Sally Potter’s fierce and funny The Party, shot in sharp black and white with a total run time of 71 minutes (bless), moves and feels like a one-act play. Its stars an international slate of actors, as many films do, but the members of this small cast—Kristin Scott Thomas, Timothy Spall and Emily Mortimer (British), Cillian Murphy (Irish), Cherry Jones and Patricia Clarkson (American) and Bruno Ganz (Swiss)—speak in their own accents; the movie is set in London, nearly all characters’ nationality comes into play for one reason or another. (Ganz is the exception; his Gottfried is a German.) 

Janet (Scott Thomas, who is everywhere this year, delightfully) has just been named minister of health in the British parliament and this dinner party is a celebration. Except her husband Bill (Spall) has two announcements: He’s terminally ill, and he’s leaving her. Over an impressively short hour, the various connections amongst these friends—highbrow, well-off intellectuals mostly—and the secrets they’re all holding, for themselves and each other, come spilling out. And this is after the opening frame of Scott Thomas pointing a gun at an unseen target.

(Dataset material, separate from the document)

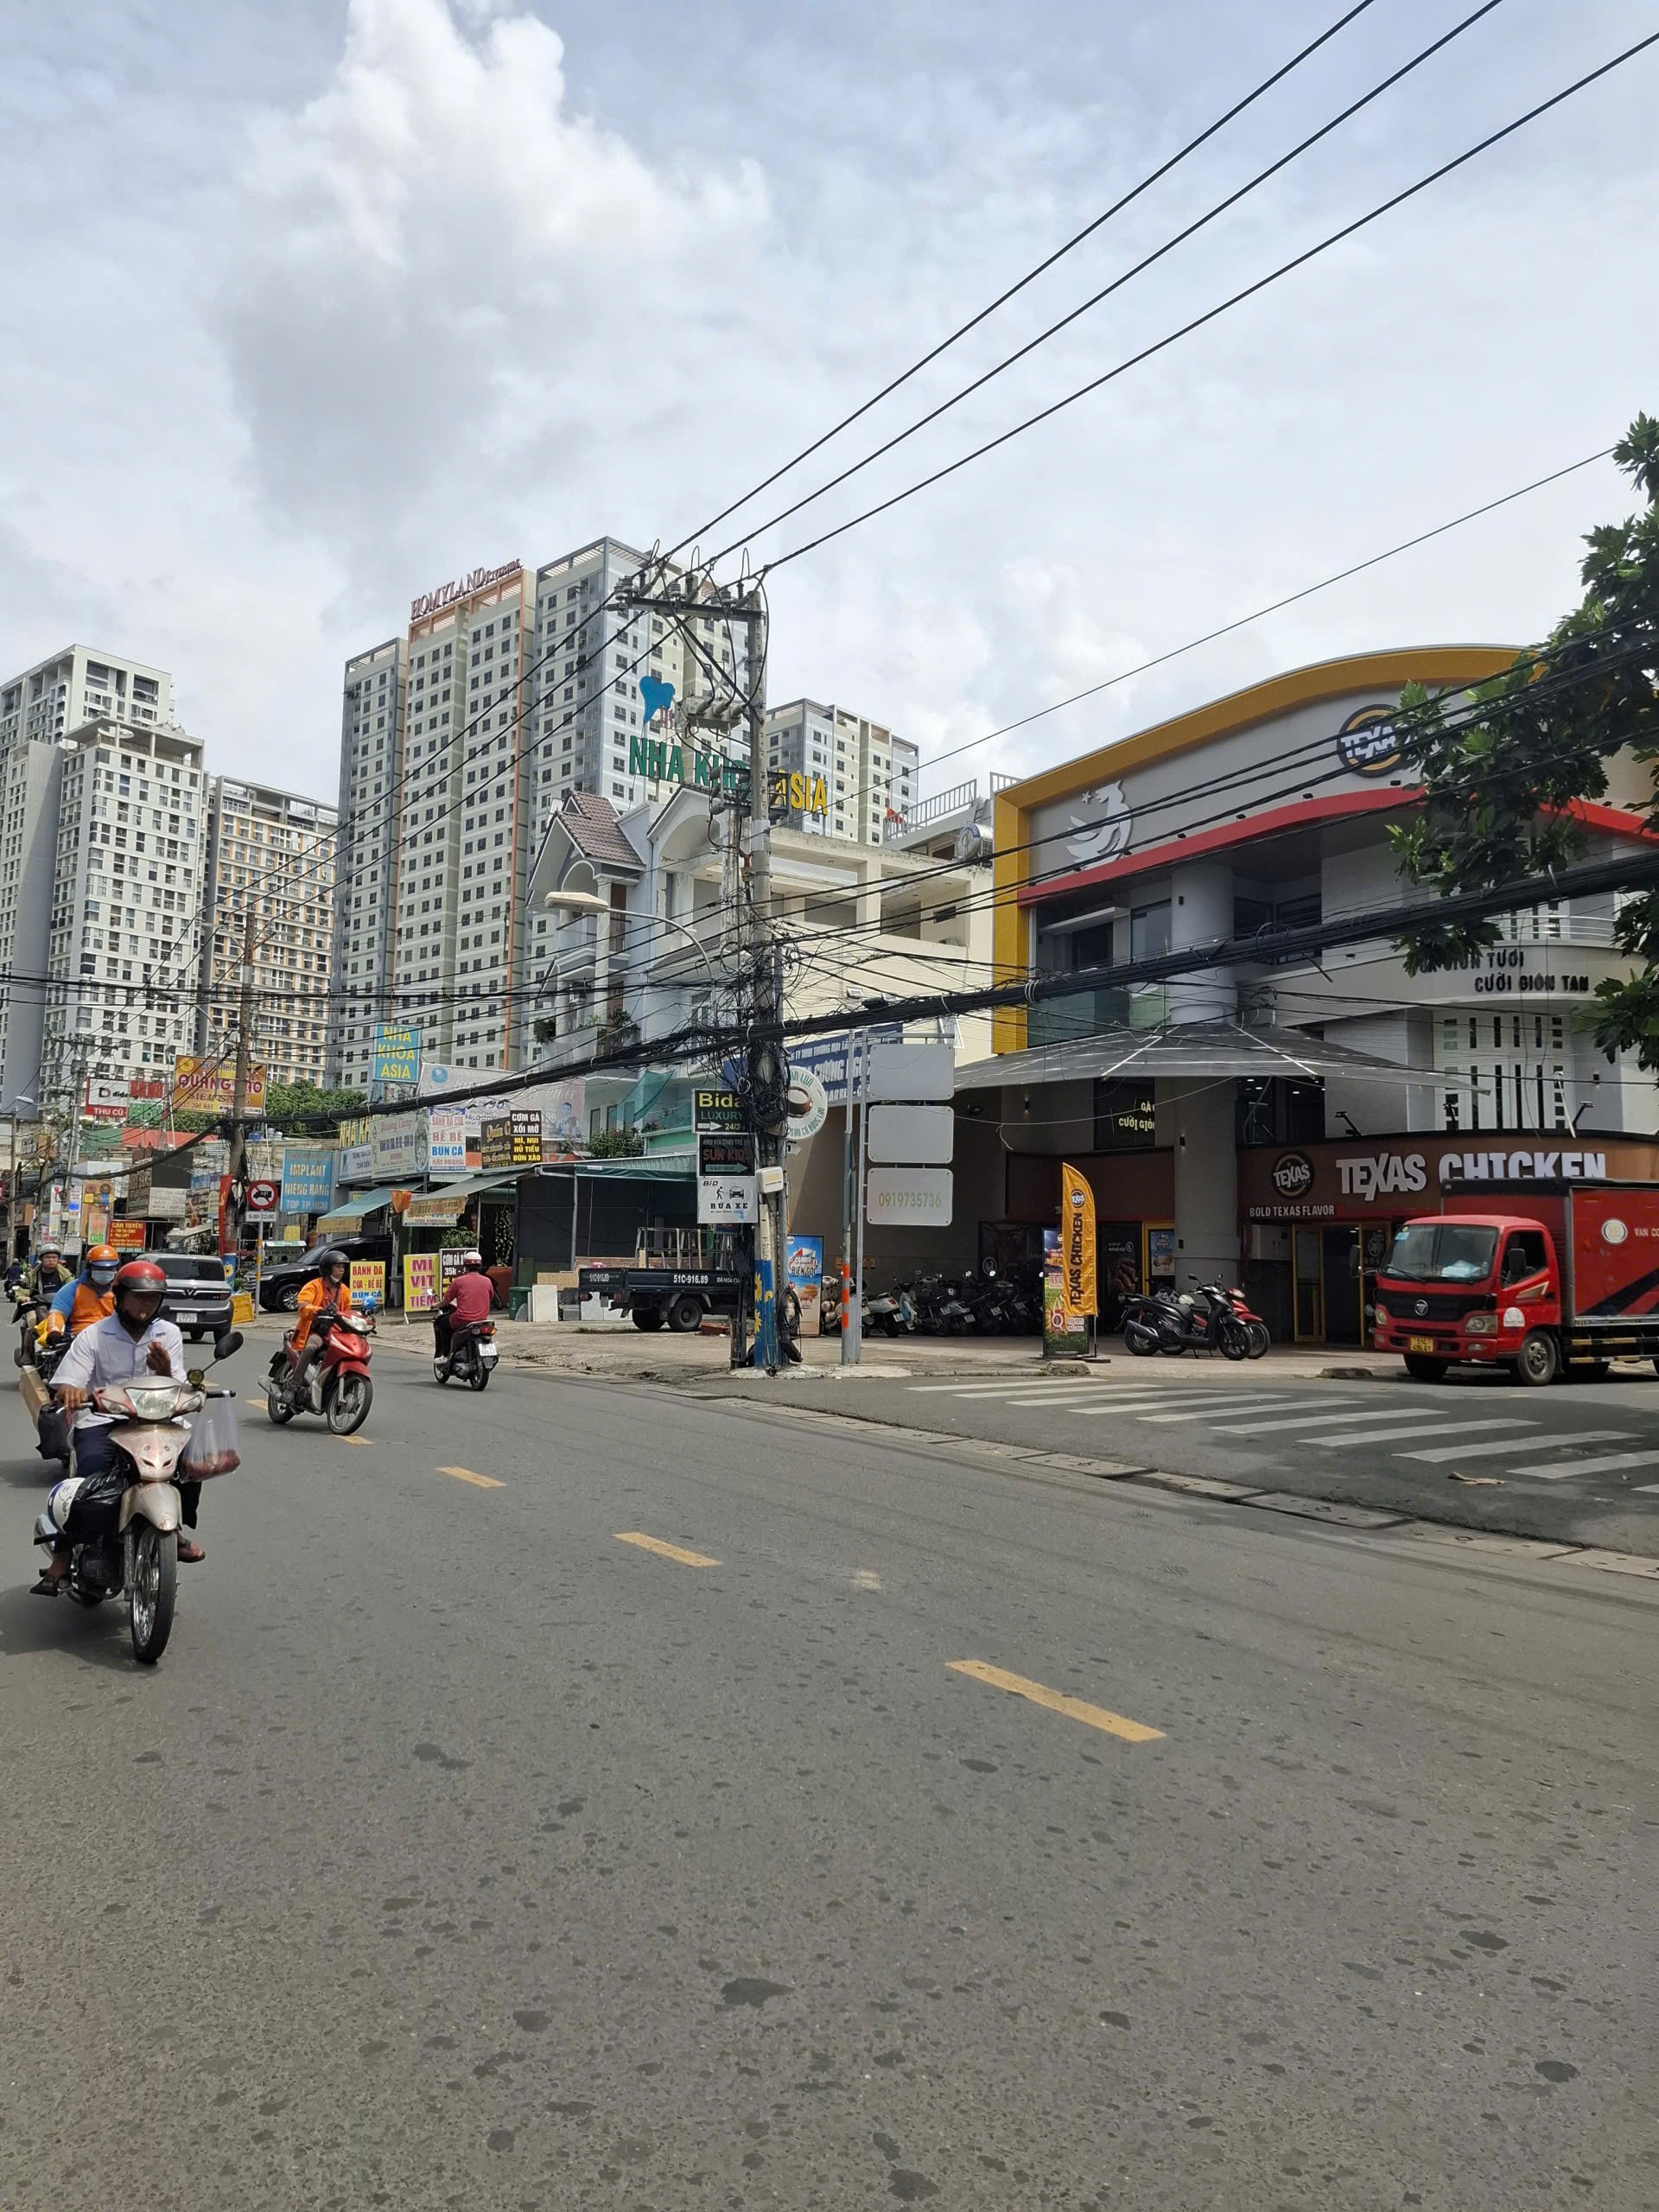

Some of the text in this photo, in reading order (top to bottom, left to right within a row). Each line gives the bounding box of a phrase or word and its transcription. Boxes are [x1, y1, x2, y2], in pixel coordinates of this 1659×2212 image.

Potter, whose last film was 2012’s Ginger and Rosa with Elle Fanning, is an impossible-to-pin-down filmmaker, thrillingly experimental and deeply invested in the intimacy of relationships. The Party’s wackier moments—it’s being marketed as a farce, but that’s not quite right—are underscored by deft social commentary about class structure and systems that comes off as naturally and breezily as conversations about babies and music. It may appear slight, but it’ll stay with you.